The changes immediately outlaw the breeding of fur-bearing animals, including mink, foxes, chinchillas, and raccoon dogs.
Additionally, Italy’s remaining active fur farms must shut down by June 30, 2022.
Further, the Ministry of Agriculture will provide funds to farmers affected by the ban, putting a total of €3 million aside for this purpose.

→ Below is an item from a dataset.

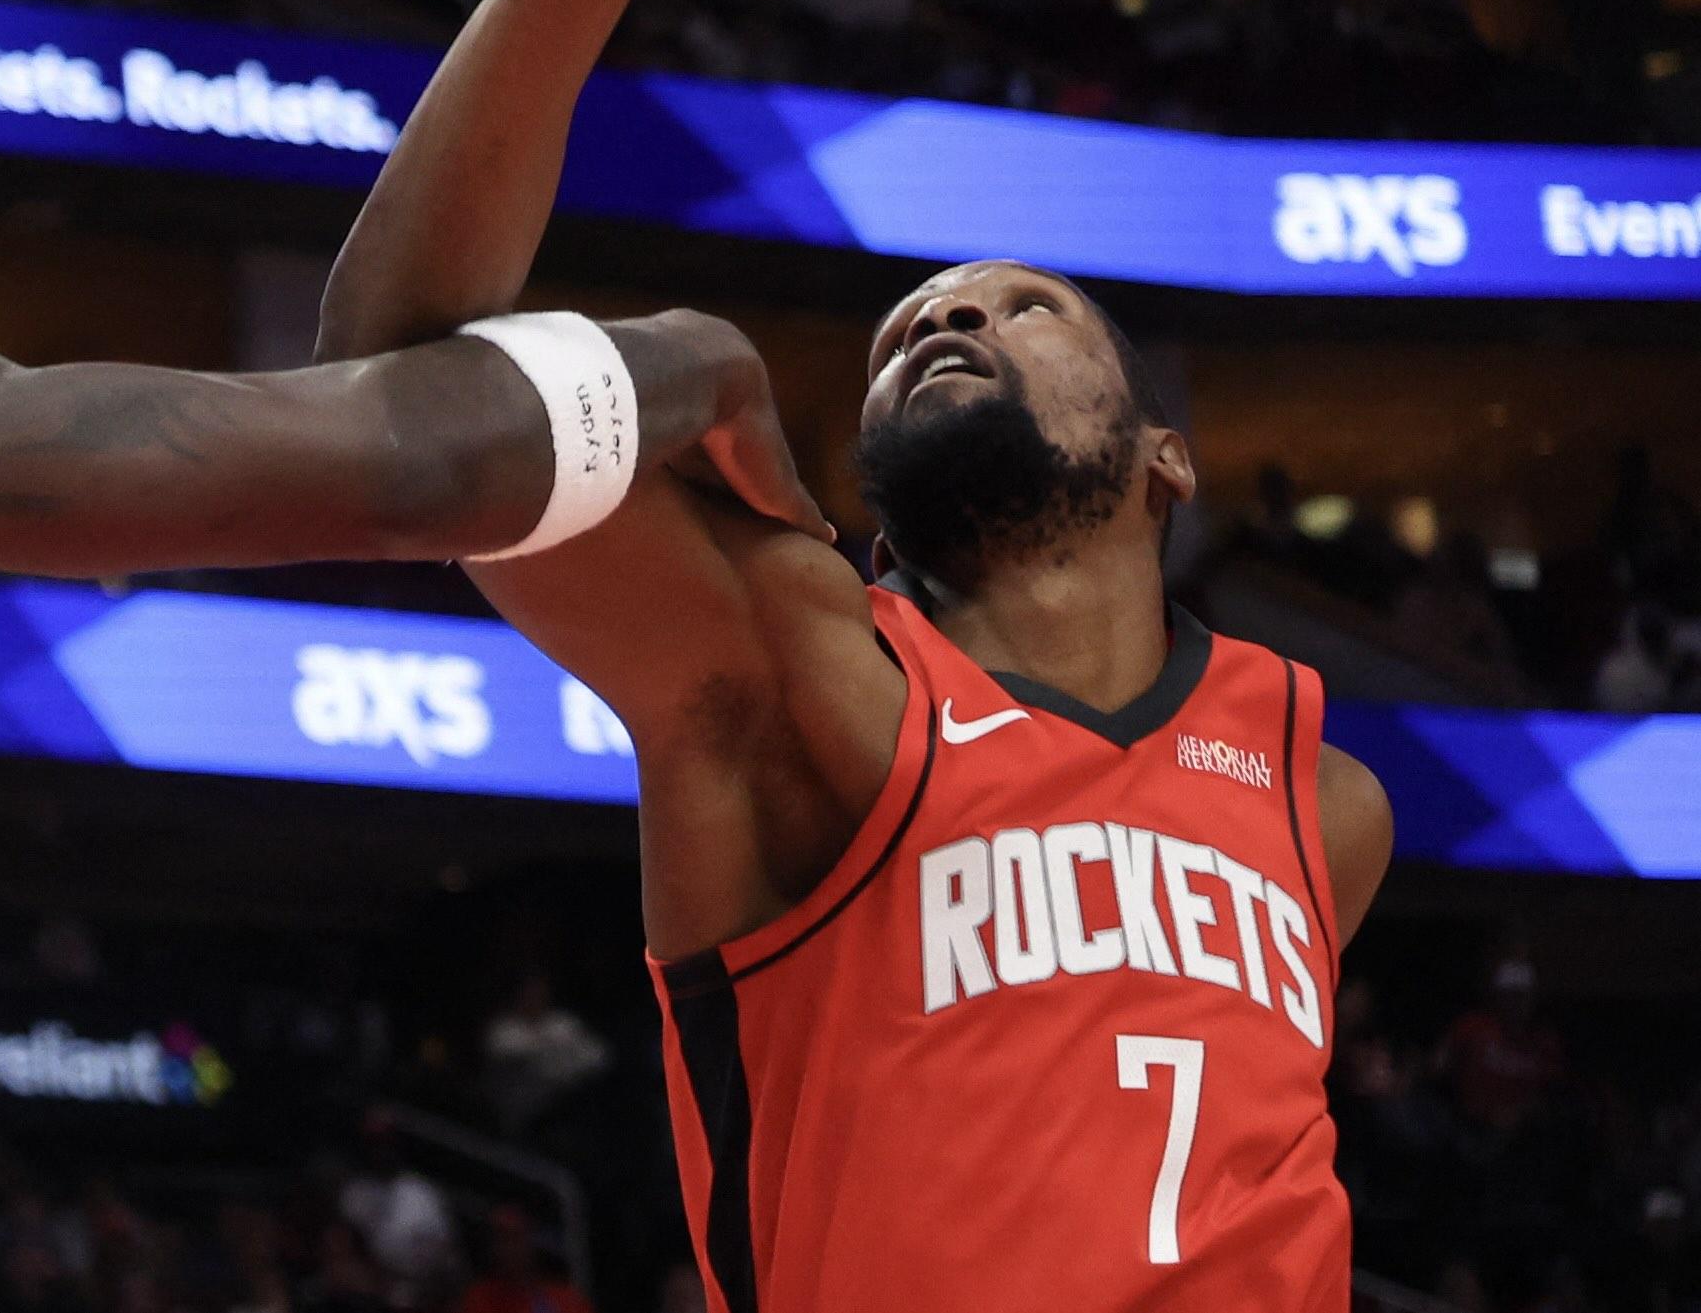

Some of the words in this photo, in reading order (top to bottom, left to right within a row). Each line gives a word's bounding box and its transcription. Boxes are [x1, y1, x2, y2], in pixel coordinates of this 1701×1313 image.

According to animal protection organization Humane Society International/Europe (HSI), Parliament’s official approval of the ban is expected to go through by the end of the year.
Consequently, Italy will become the 16th country in Europe to end fur farming.
A myriad of Italian fashion designers have already made similar commitments, by removing fur from their designs, runways, and magazine covers. Armani, Gucci, Prada, Valentino, and Versace have all ditched fur from their lines.
Meanwhile, ELLE magazine in Italy pledged to never work with or advertise the animal product again; the fur-free policy applies to all of ELLE’s editions around the world.
A victory for animals
Animal rights advocates have welcomed the news with open arms.
Hon. Michela Vittoria Brambilla is president of the Parliamentary Intergroup for Animal Rights and of the Italian League for the Defense of Animals and the Environment.
In a statement, they said: “In thirty years of animal rights battle this is the best victory. Finally, a parliamentary vote sanctions the end of unspeakable suffering inflicted on animals only in the name of profit and vanity … better late than never.
“Now we await the final approval of the budget law, but the political will has been clearly expressed. A dream comes true that animal protection associations have cultivated for decades in our country … It is a great achievement, which finally all those who love and respect animals rejoice!”
HSI’s director in Italy, Martina Pluda, shares Brambilla’s outlook.
“This is a historic victory for animal protection in Italy, and HSI/Europe is immensely proud that our fur farm conversion strategy has played a central role in dismantling this cruel and dangerous industry in our country,” Pluda said, referring to HSI/Europe’s recent report on mink breeding, which outlined the risks of the trade and pathways to phase it out.
As well as being rife with animal cruelty concerns, fur farming has been linked to multiple outbreaks of COVID-19. As of this month (December, 2021), such outbreaks have been confirmed on 465 mink farms in 12 countries, including Italy.
“There are very clear economic, environmental, public health and of course animal welfare reasons to close and ban fur farms,” Pluda continued. “[This] vote recognizes that allowing the mass breeding of wild animals for frivolous fur fashion represents a risk to both animals and people that can’t be justified by the limited economic benefits it offers to a small minority of people involved in this cruel industry,”
“With so many designers, retailers and consumers going fur-free, conversion of fur farms offers people a sustainable future that the fur trade simply cannot provide.”